Bob Fitch photography archive, © Stanford University Libraries
Richard M. Nixon had a complicated relationship with Martin Luther King, Jr., and the African American freedom struggle. Although King later questioned Nixon’s sincerity, while Nixon served as vice president in the 1950s, King commented that with “persons like you occupying such important positions in our nation I am sure that we will soon emerge from the bleak and desolate midnight of man’s inhumanity to man” (Papers 4:264).
Born 9 January 1913 in Yorba Linda, California, Nixon was the second son of Frank and Hannah Nixon. He was raised in the small town of Whittier, California, where his father owned a gas station and general store. Nixon graduated second in his class from Whittier College in 1934 and received a scholarship to attend Duke University’s law school, graduating third in his class in 1937. Nixon returned to Whittier to practice law for several years before moving to Washington, D.C., to work for the tire rationing section of the Office of Price Administration during World War II. In August of 1942 Nixon was commissioned to the Navy and rose to the rank of lieutenant commander while serving in the South Pacific.
Nixon’s political career began in 1946, when he was elected to the U.S. House of Representatives for California’s 12th congressional district. He gained national attention as a member of the House Un-American Activities Committee and for his role in the prosecution of Alger Hiss, a former employee of the Department of State and an alleged Communist agent. In 1950 Nixon was elected to the U.S. Senate and was later selected as the Republican vice-presidential running mate for Dwight D. Eisenhower.
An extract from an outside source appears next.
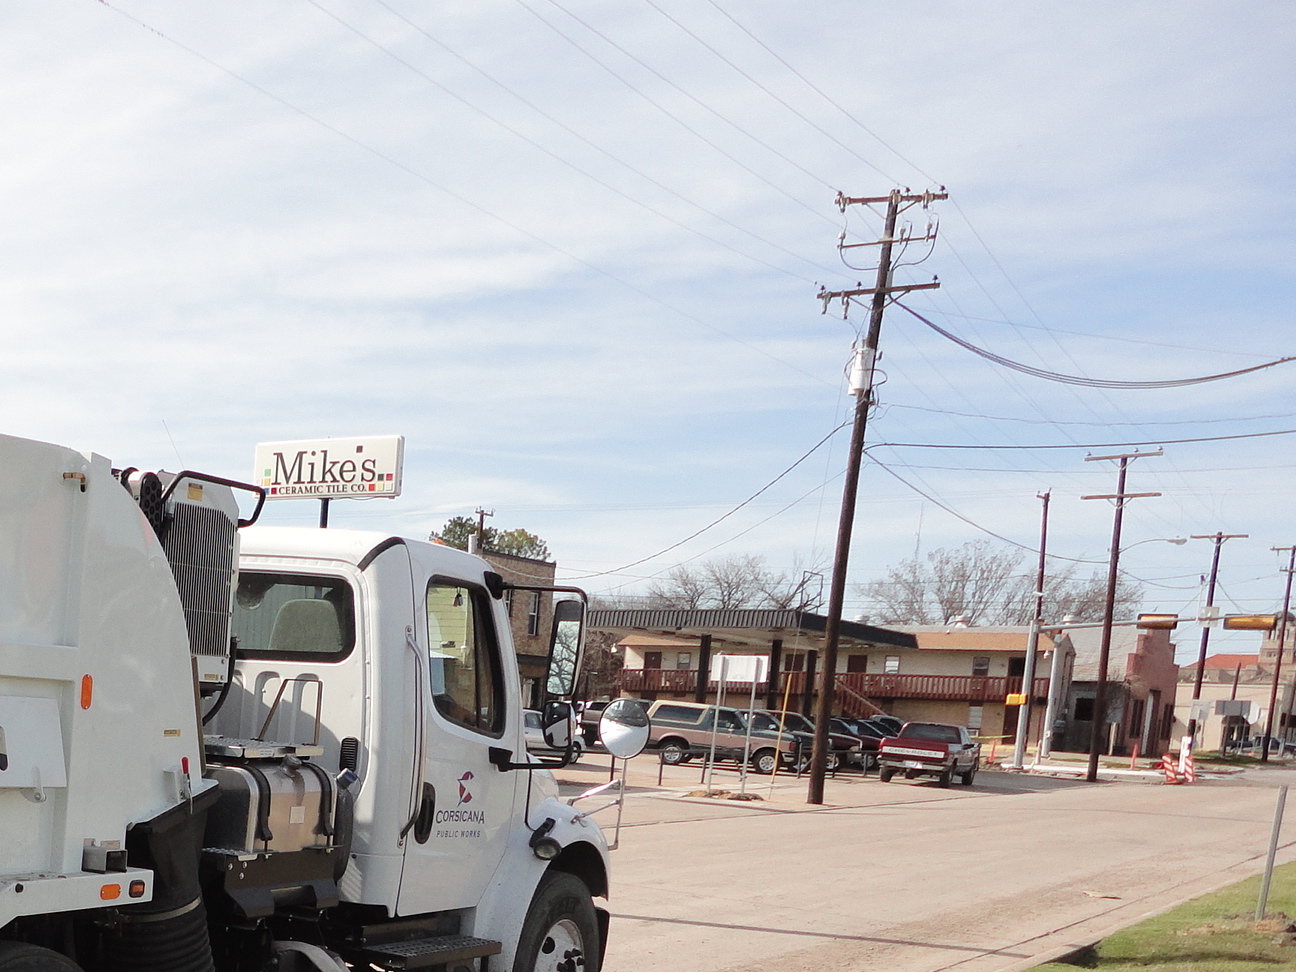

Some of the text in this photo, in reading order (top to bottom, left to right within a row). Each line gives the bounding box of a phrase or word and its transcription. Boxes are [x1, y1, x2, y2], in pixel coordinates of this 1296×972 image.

[271, 445, 376, 485] Mike's
[278, 483, 367, 495] CERAMIC TILE CO.
[435, 810, 485, 824] CORSICANA
[436, 830, 481, 838] PUBLIC WORKS
The tone of the relationship between King and Nixon varied over the years. Early on, King had developed an “initial bias” against Nixon because of his tendency to vote with the more conservative right wing of the Republican Party (Papers 4:482). This shifted, however, when the two met in March 1957 at ceremonies in Ghana celebrating that nation’s independence. Nixon later invited King to Washington, D.C., for a meeting on 13 June 1957. This meeting, described by Bayard Rustin as a “summit conference,” marked national recognition of King’s role in the civil rights movement (Rustin, 13 June 1957). Seeking support for a voter registration initiative in the South, King appealed to Nixon to urge Republicans in Congress to pass a pending civil rights bill and to visit the South to express support for civil rights. Optimistic about Nixon’s commitment to improving race relations in the United States, King told Nixon, “How deeply grateful all people of goodwill are to you for your assiduous labor and dauntless courage in seeking to make the civil rights bill a reality” (Papers 4:264). King was also skeptical, telling a Nixon biographer, “If Richard Nixon is not sincere, he is the most dangerous man in America” (Papers 4:483).
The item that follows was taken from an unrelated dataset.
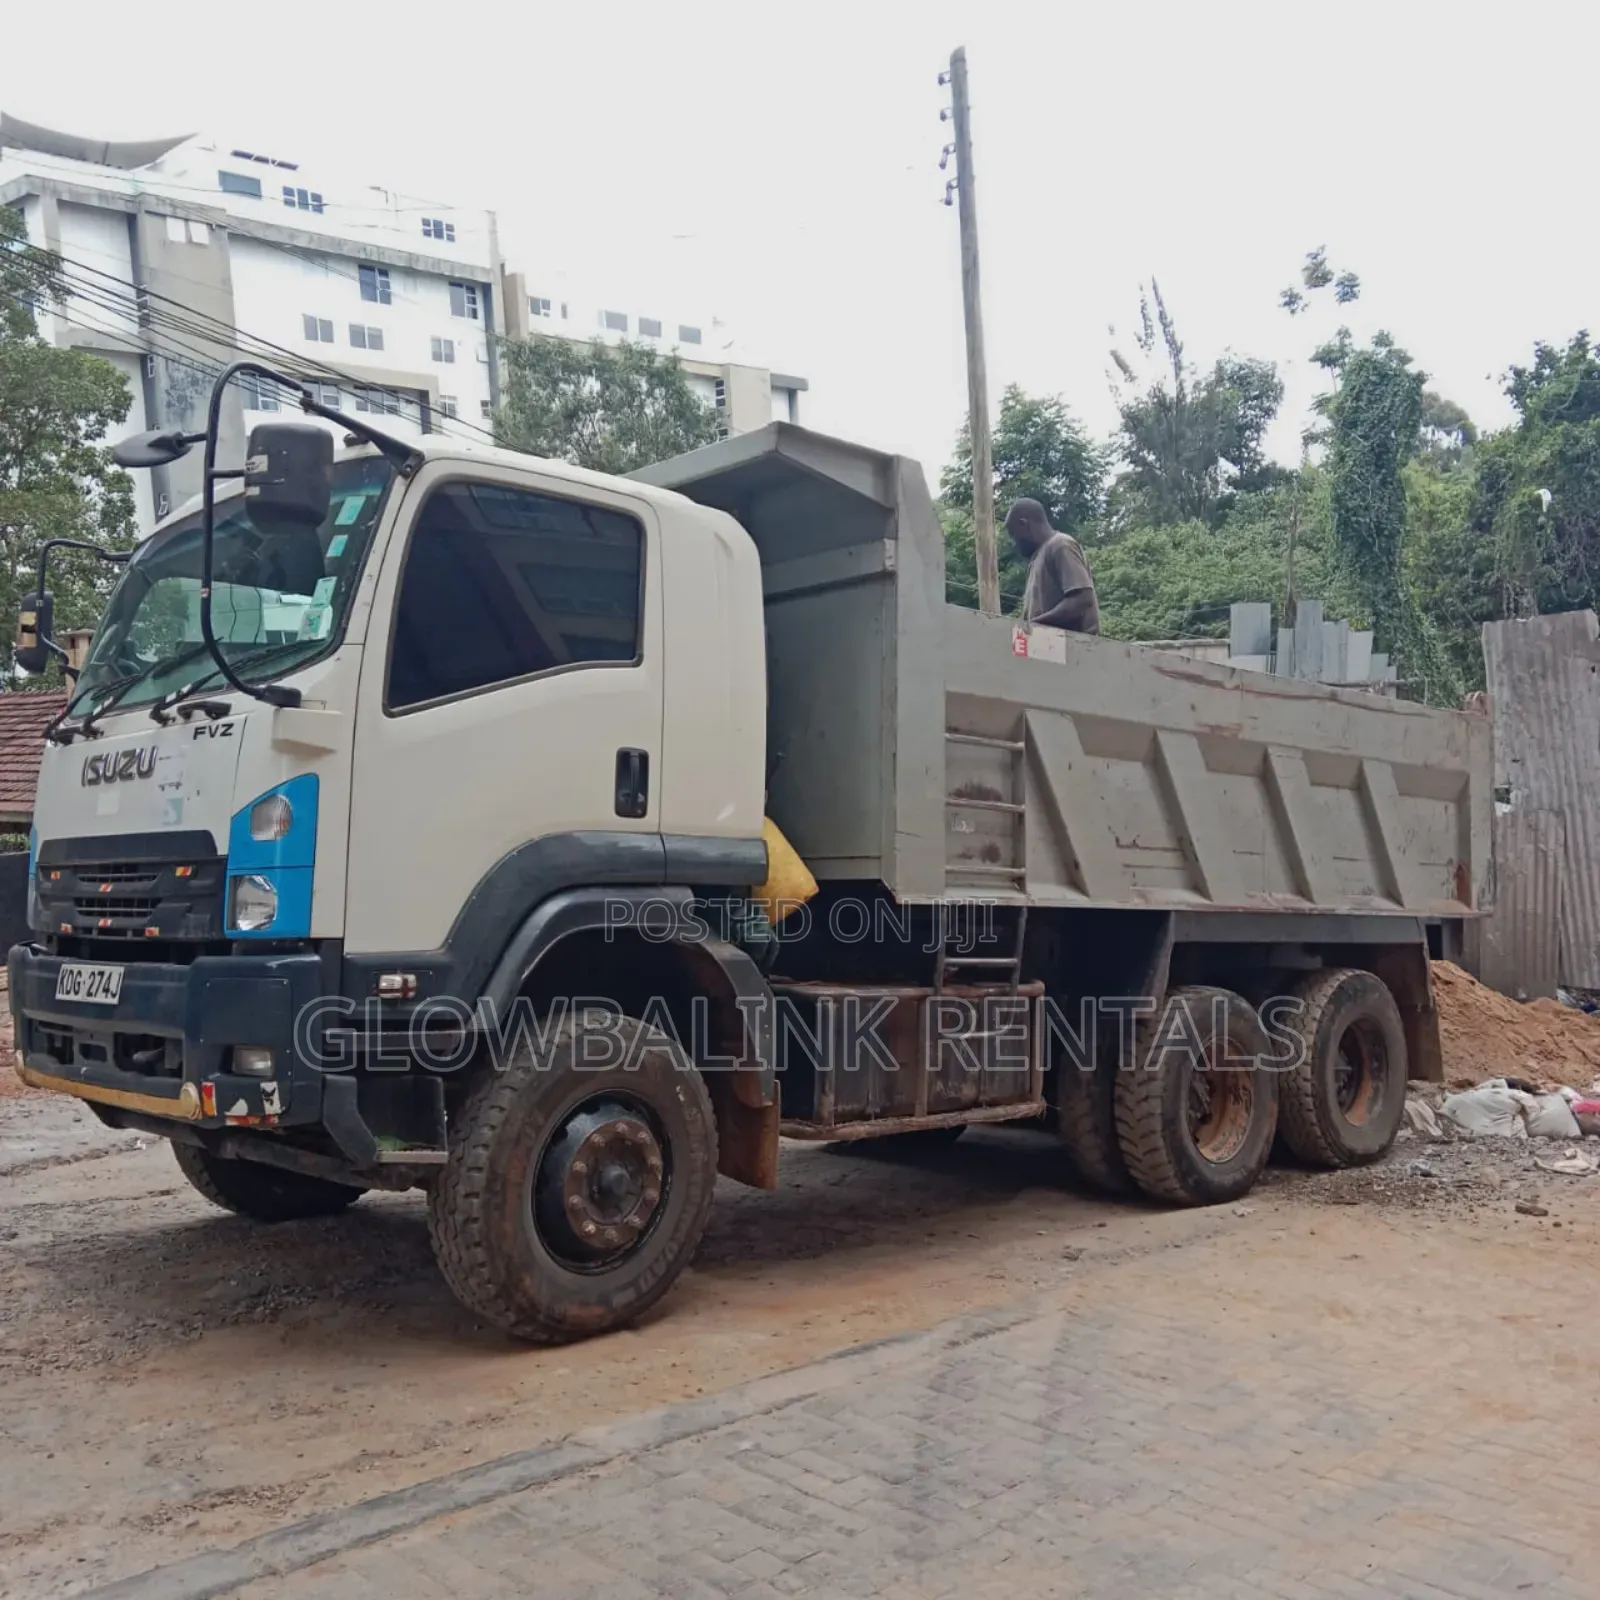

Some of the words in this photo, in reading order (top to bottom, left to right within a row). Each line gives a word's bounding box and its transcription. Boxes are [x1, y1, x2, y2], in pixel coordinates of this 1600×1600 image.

[193, 723, 234, 741] FVZ
[81, 745, 159, 787] ISUZU
[59, 968, 82, 996] KDG
[86, 969, 122, 999] 274J
Many black leaders, including Martin Luther King, Sr., and Jackie Robinson, initially supported Nixon’s 1960 bid for the presidency. Blacks believed Nixon to be more committed to civil rights reform than President Eisenhower had been, but the attitudes of black voters shifted during the final days of the 1960 presidential campaign. In October 1960 King was sentenced to four months in jail for violating his probation after participating in an Atlanta sit-in. After encouragement from Harris Wofford and other advisors, Nixon’s opponent, John F. Kennedy, phoned Coretta Scott King to convey his sympathy. King expressed disappointment that, despite his previously warm relationship with Nixon, “When this moment came, it was like he had never heard of me.” King believed Nixon’s inaction made him appear as “a moral coward and one who was really unwilling to take a courageous step and take a risk” (King, 9 March 1964). Kennedy’s phone call and his campaign’s discreet publicity promoting his role in releasing King from jail gained him the support of many black voters, and he defeated Nixon by less than one percent of the popular vote.
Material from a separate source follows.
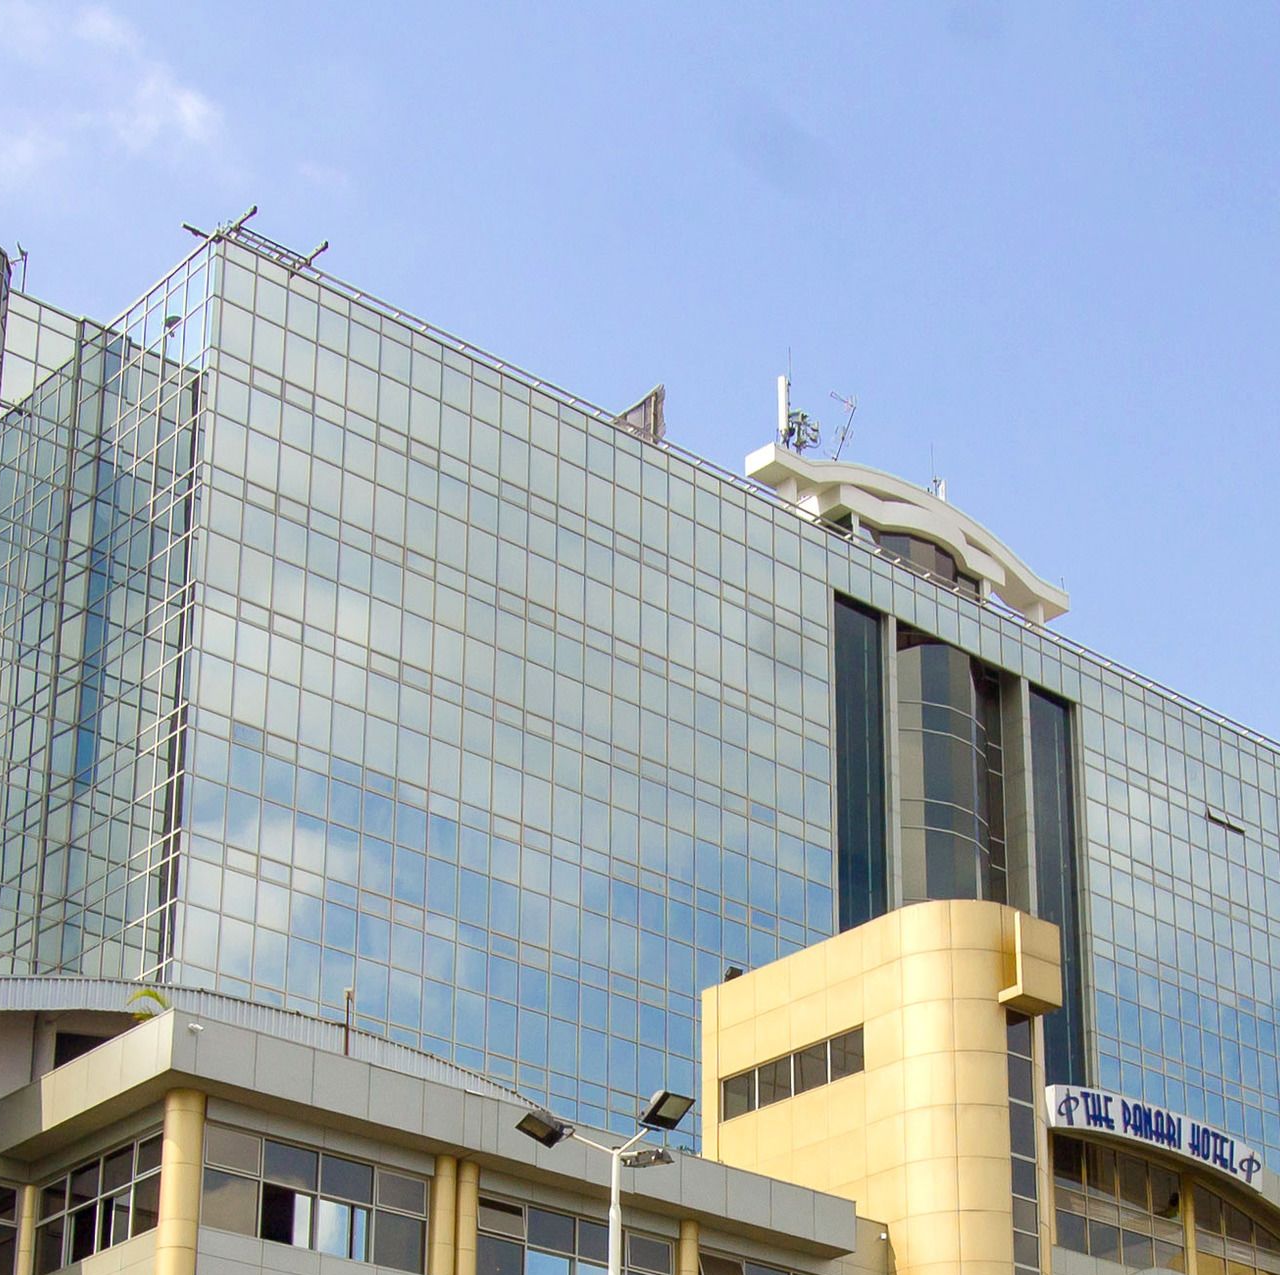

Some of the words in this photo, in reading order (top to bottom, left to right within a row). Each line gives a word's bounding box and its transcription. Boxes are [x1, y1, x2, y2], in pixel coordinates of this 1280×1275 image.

[1080, 1091, 1115, 1131] THE
[1121, 1099, 1182, 1150] PANARI
[1188, 1123, 1239, 1174] HOTEL
Nixon ran an unsuccessful campaign for California governor in 1962, and later narrowly won the 1968 presidential election against Democrat Hubert Humphrey and third-party candidate George Wallace. He was reelected in a landslide victory over Democratic opponent Senator George McGovern in 1972. During his terms in office Nixon reversed some of the social and economic welfare policies of predecessor Lyndon B. Johnson, vetoing new health, education, and welfare legislation. Seeking southern support for the Republican Party, Nixon supported anti-busing legislation and favored “law and order” policies that were widely seen as directed against black militancy.
In 1974, after his involvement in the Watergate scandal, Nixon became the only U.S. president to ever resign. He continued to comment on foreign affairs and wrote several books before his death in New York City on 22 April 1994.
Ambrose, Nixon, 1987.
Introduction, in Papers 5:36–40.
King, Interview by Berl Bernhard, 9 March 1964, JFKOH-MBJFK.
King, Statement on Meeting with Richard M. Nixon, 13 June 1957, in Papers 4:222–223.
King to Mazo, 2 September 1958, in Papers 4:481–483.
King to Nixon, 30 August 1957, in Papers 4:262–264.
Rustin and Stanley Levison to King, 13 June 1957, MLKP-MBU.